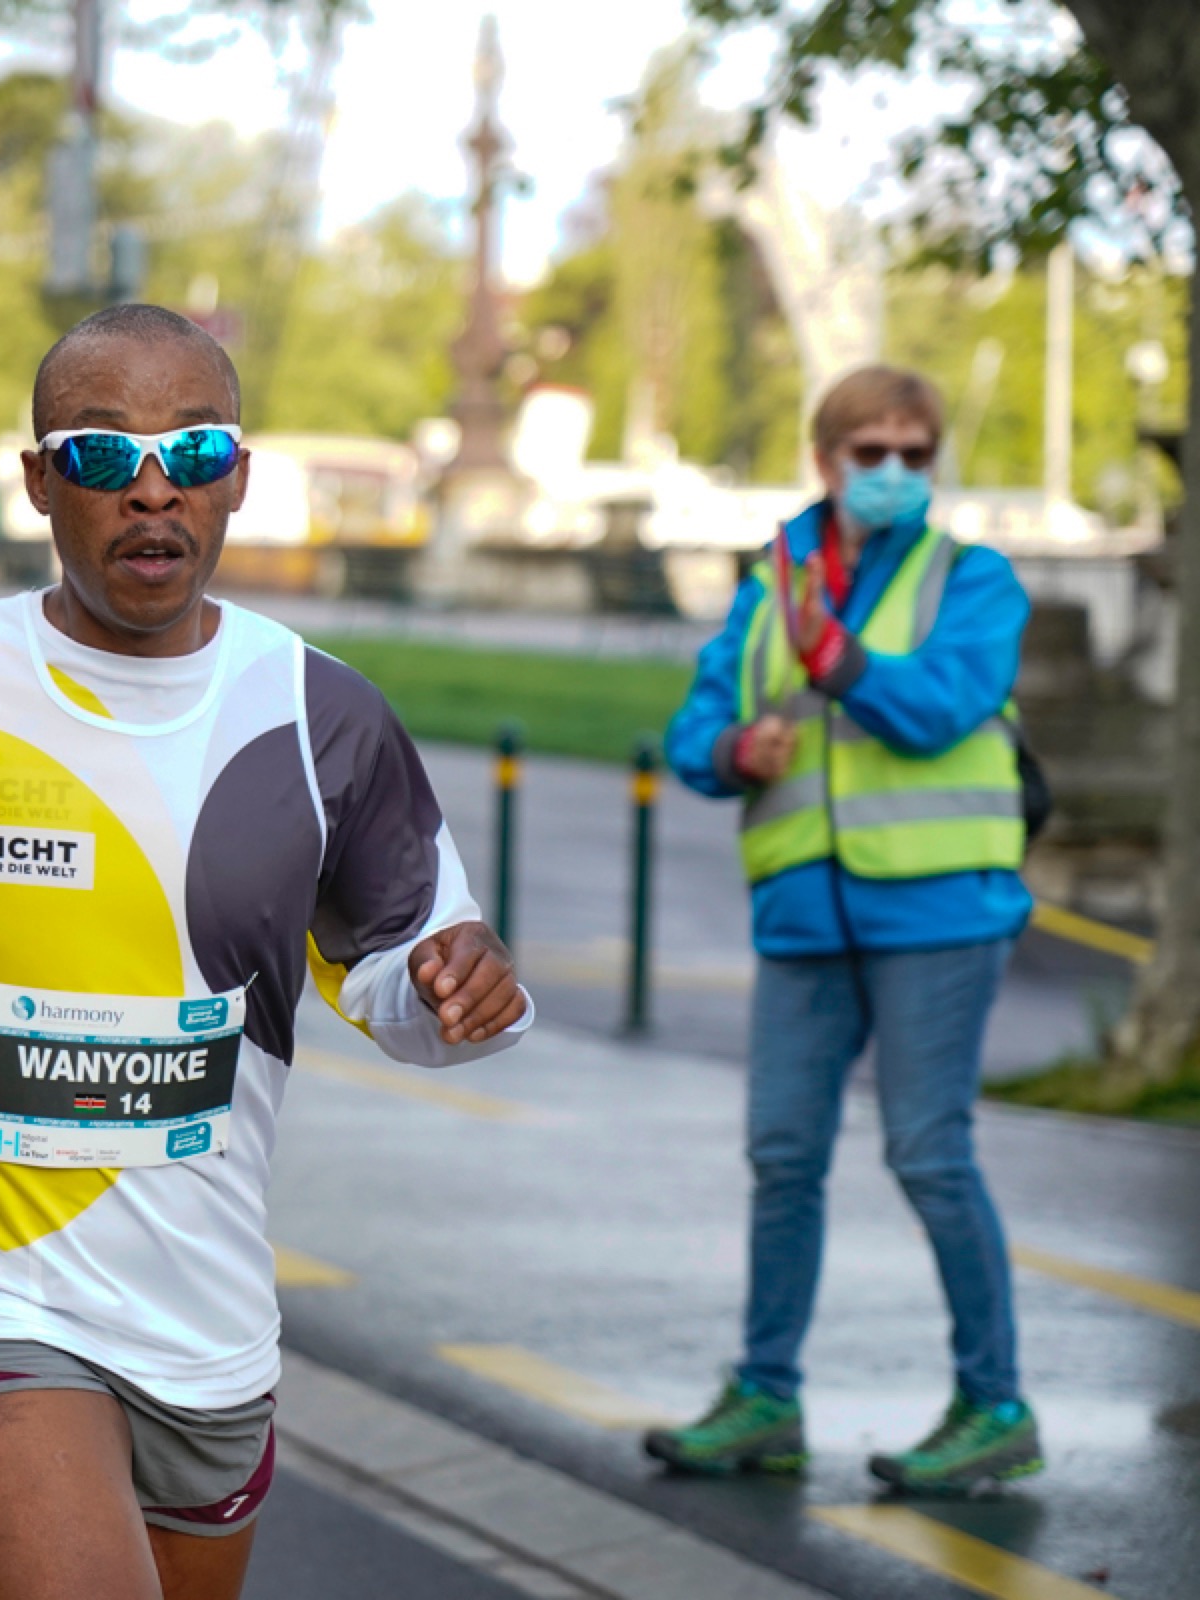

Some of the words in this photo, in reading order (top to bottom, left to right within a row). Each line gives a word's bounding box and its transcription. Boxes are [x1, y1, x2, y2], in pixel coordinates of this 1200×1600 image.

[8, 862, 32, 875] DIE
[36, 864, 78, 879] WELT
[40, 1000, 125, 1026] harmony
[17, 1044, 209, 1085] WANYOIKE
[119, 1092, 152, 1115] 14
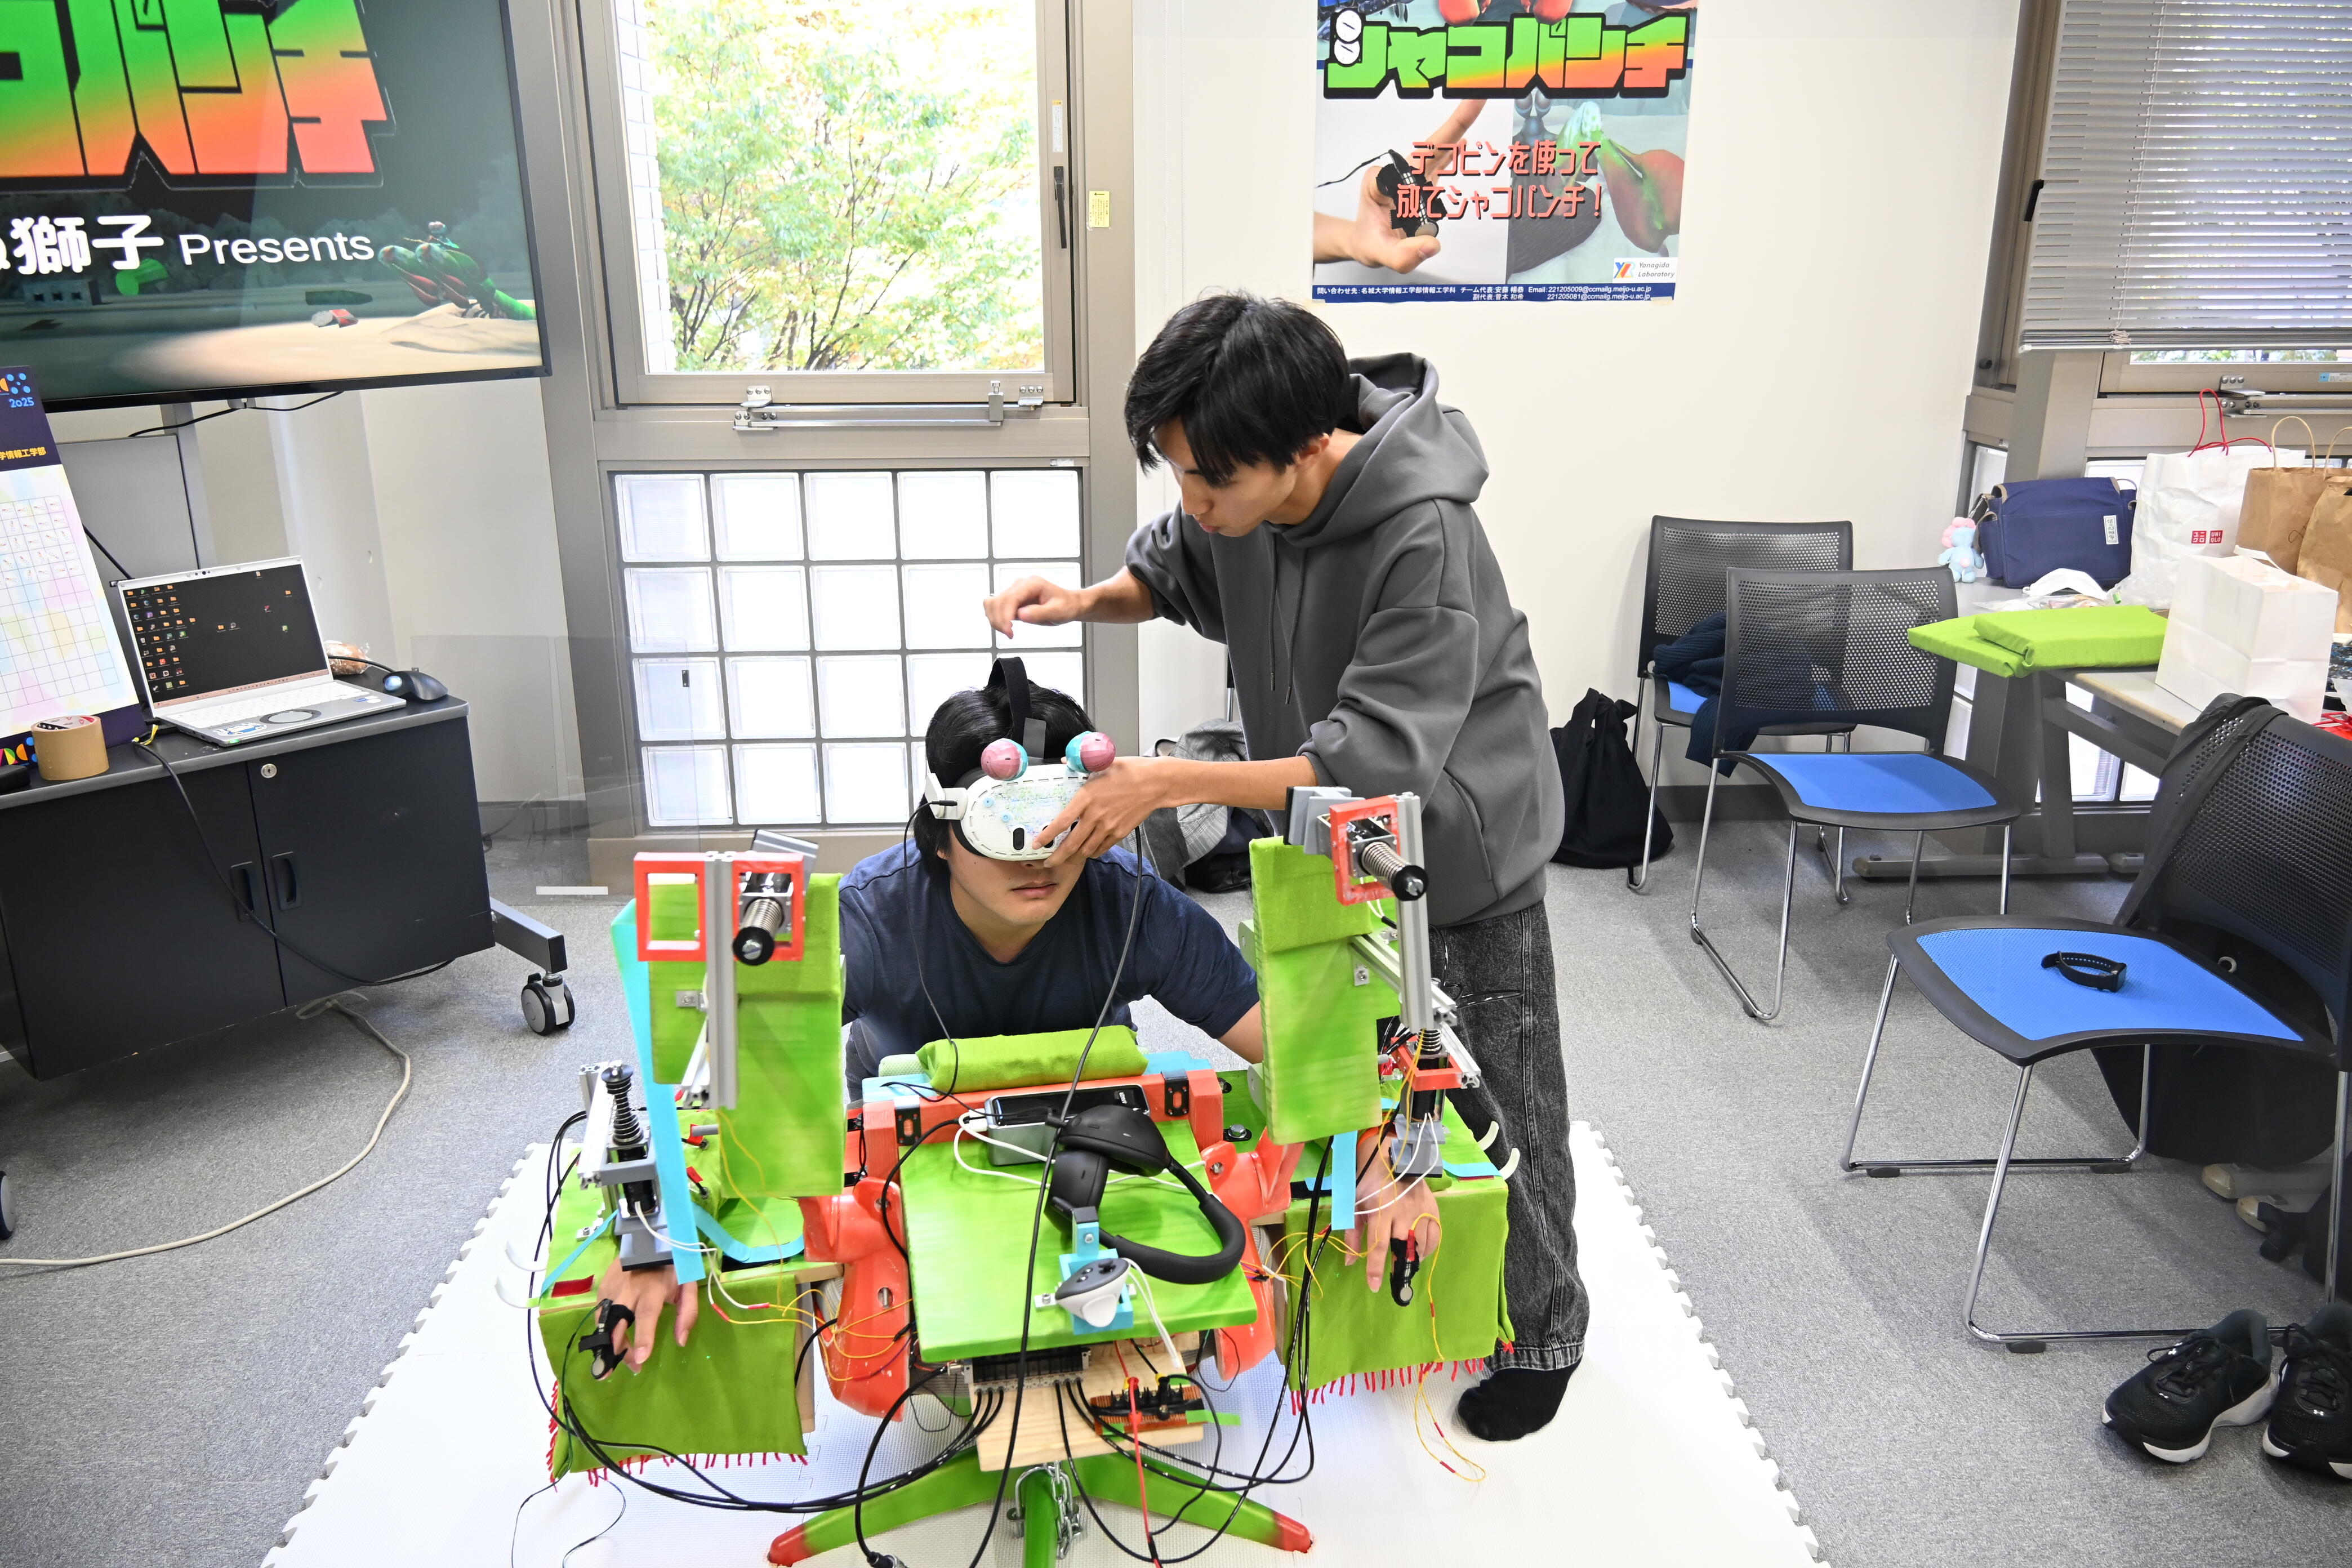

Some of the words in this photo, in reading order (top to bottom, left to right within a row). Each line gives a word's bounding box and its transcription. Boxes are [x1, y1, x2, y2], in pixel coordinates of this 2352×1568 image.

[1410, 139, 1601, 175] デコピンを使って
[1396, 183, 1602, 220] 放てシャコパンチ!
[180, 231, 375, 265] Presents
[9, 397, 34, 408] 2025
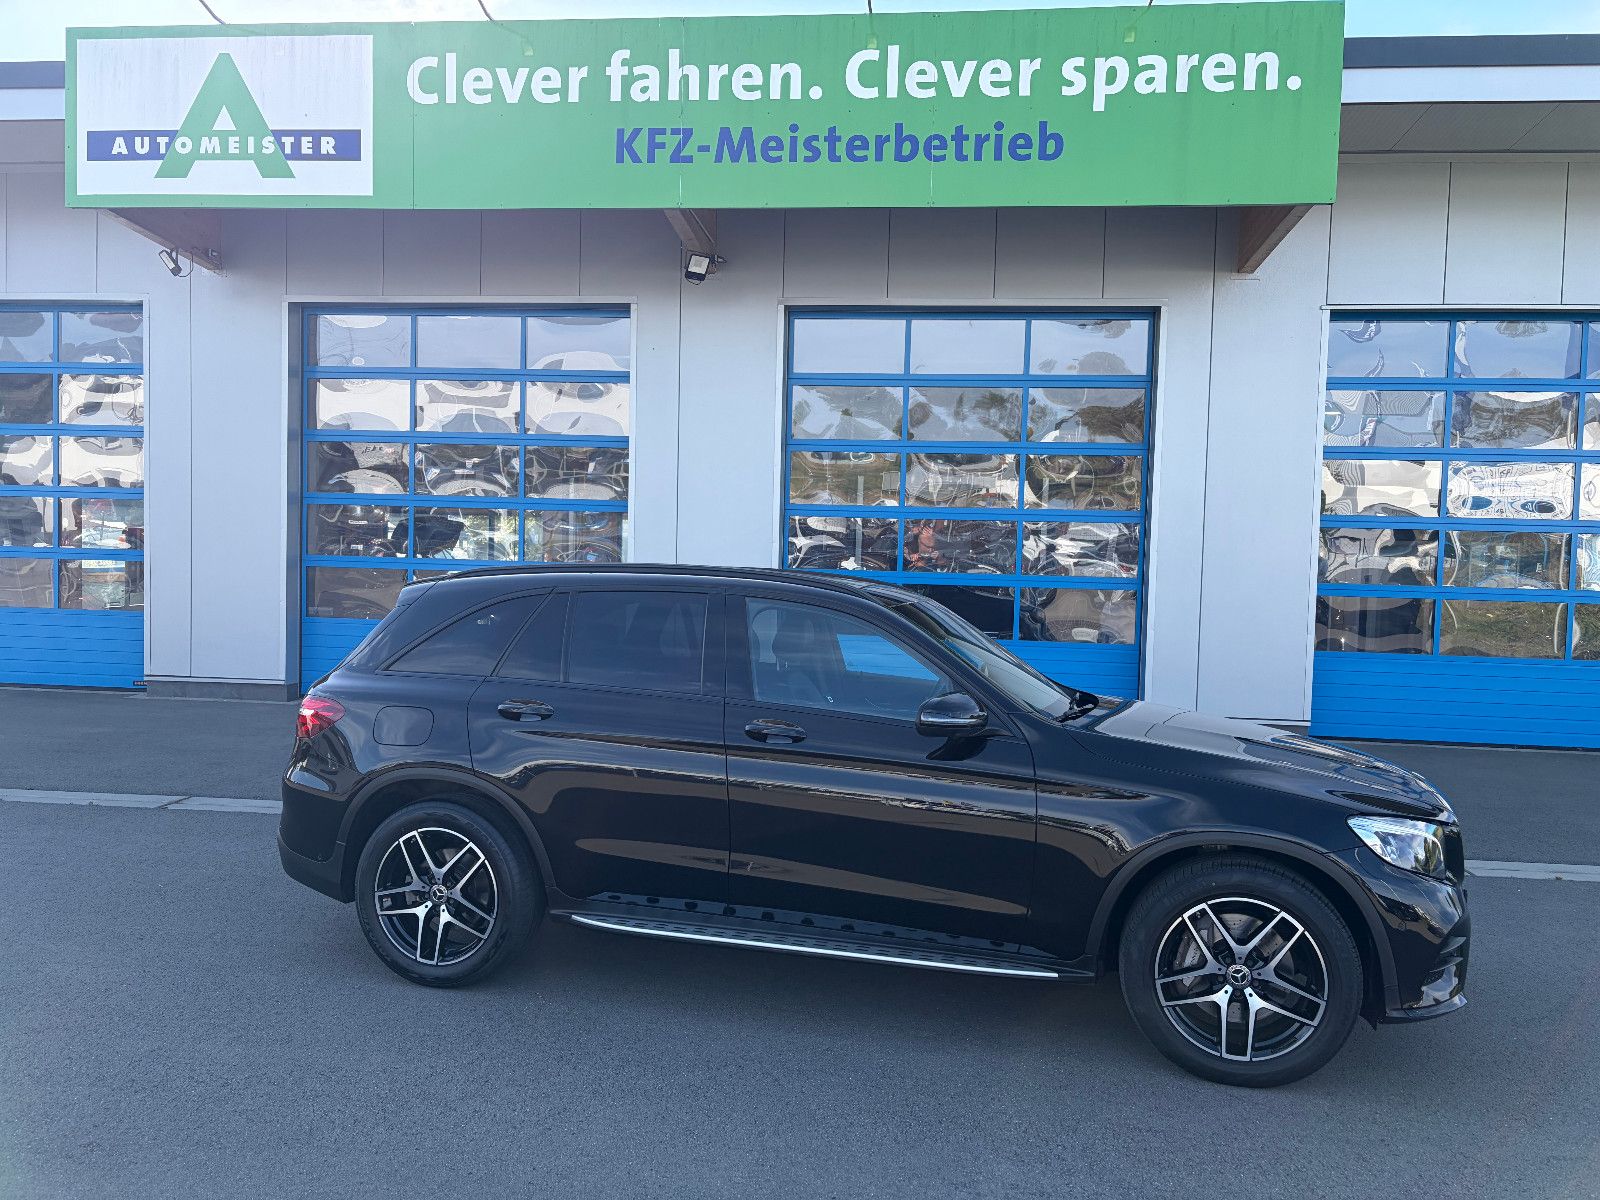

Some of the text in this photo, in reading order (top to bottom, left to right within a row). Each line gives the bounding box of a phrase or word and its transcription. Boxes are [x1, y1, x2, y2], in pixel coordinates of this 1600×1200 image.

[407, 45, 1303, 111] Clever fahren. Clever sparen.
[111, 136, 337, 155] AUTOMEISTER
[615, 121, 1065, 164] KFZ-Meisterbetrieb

WORK ORDER -
Exact copy, no pictures: return the entries word for word.

ANSWER BELOW -
Some of the words in this photo, in reading order (top to bottom, left to right within a row). Each line gives a word's bounding box and its transcription. Boxes are [x1, y1, x2, y2], in pixel coordinates of this 1200×1600 image.

[8, 862, 32, 875] DIE
[36, 864, 78, 879] WELT
[40, 1000, 125, 1026] harmony
[17, 1044, 209, 1085] WANYOIKE
[119, 1092, 152, 1115] 14

Some of the words in this photo, in reading order (top to bottom, left to right within a row). Each line gives a word's bounding box and its transcription. Boxes are [x1, y1, x2, y2], in pixel coordinates of this 2352×1568 image.

[1410, 139, 1601, 175] デコピンを使って
[1396, 183, 1602, 220] 放てシャコパンチ!
[180, 231, 375, 265] Presents
[9, 397, 34, 408] 2025

Some of the text in this photo, in reading order (top to bottom, left to right within a row). Each line gives the bounding box of a phrase or word and its transcription. Boxes are [x1, y1, x2, y2], in pixel coordinates of this 1600×1200 image.

[407, 45, 1303, 111] Clever fahren. Clever sparen.
[111, 136, 337, 155] AUTOMEISTER
[615, 121, 1065, 164] KFZ-Meisterbetrieb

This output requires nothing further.